Es ist ein 100-jähriges Leid aller Völker seit der willkürlichen Aufteilung des Nahen-Ostens zu Beginn des 20. Jahrhunderts unter den Engländern und Franzosen (Sykes-Picot-Abkommen).

Dieser Vortrag fokussiert sich auf die Türkei mit dem Schwerpunkt auf die kurdische und alevitische Frage. Hierzu wird ein umfangreicher historischer Einblick auf den Nahen und Mittleren Osten gewährt, um den heutigen Zustand zu verstehen.

Tief verwurzelt mit der türkischen Staatsgründung ist das Konzept „Ein Land, ein Volk, eine Religion und eine Sprache". Dieses Konzept brachte seither Genozide, Verfolgung und Diskriminierung mit sich, die sich wie ein Roter Faden durch die Geschichte der Unterdrückten Gruppen im oberen Mesopotamien ziehen.
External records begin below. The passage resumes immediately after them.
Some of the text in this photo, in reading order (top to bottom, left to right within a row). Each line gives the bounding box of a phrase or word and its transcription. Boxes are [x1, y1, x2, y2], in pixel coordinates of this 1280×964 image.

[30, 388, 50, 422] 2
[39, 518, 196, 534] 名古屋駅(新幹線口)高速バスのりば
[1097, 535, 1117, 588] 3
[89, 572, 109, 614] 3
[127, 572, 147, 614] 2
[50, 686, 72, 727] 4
Die Positionen der Bundesregierung, EU, NATO-Staaten sowie Russland müssen kritisch betrachtet und hinterfragt werden, da sie die Hauptverantwortlichen bei der Destabilisierung des Nahen-Ostens sind, wo sie momentan sogar eine doppelseitige Position einnehmen.

 

Die zentralen Fragen die unser Vortrag behandelt sind also:

 

Wie kam es zu der Verfolgung der Aleviten in der Türkei

Wie hängt das Kurdische mit dem Alevitischen zusammen?

Wie können wir dem Krieg, den Flüchtlingsstrom, den nicht endenden Repressionen und der Assimilationspolitik ein Ende setzen? 

Wie können wir für einen Neuanfang werben?

Wie können wir die Koexistenz aller Völker in einer Verfassung sicherstellen?

 

Wir freuen uns auf eine anregende Diskussion.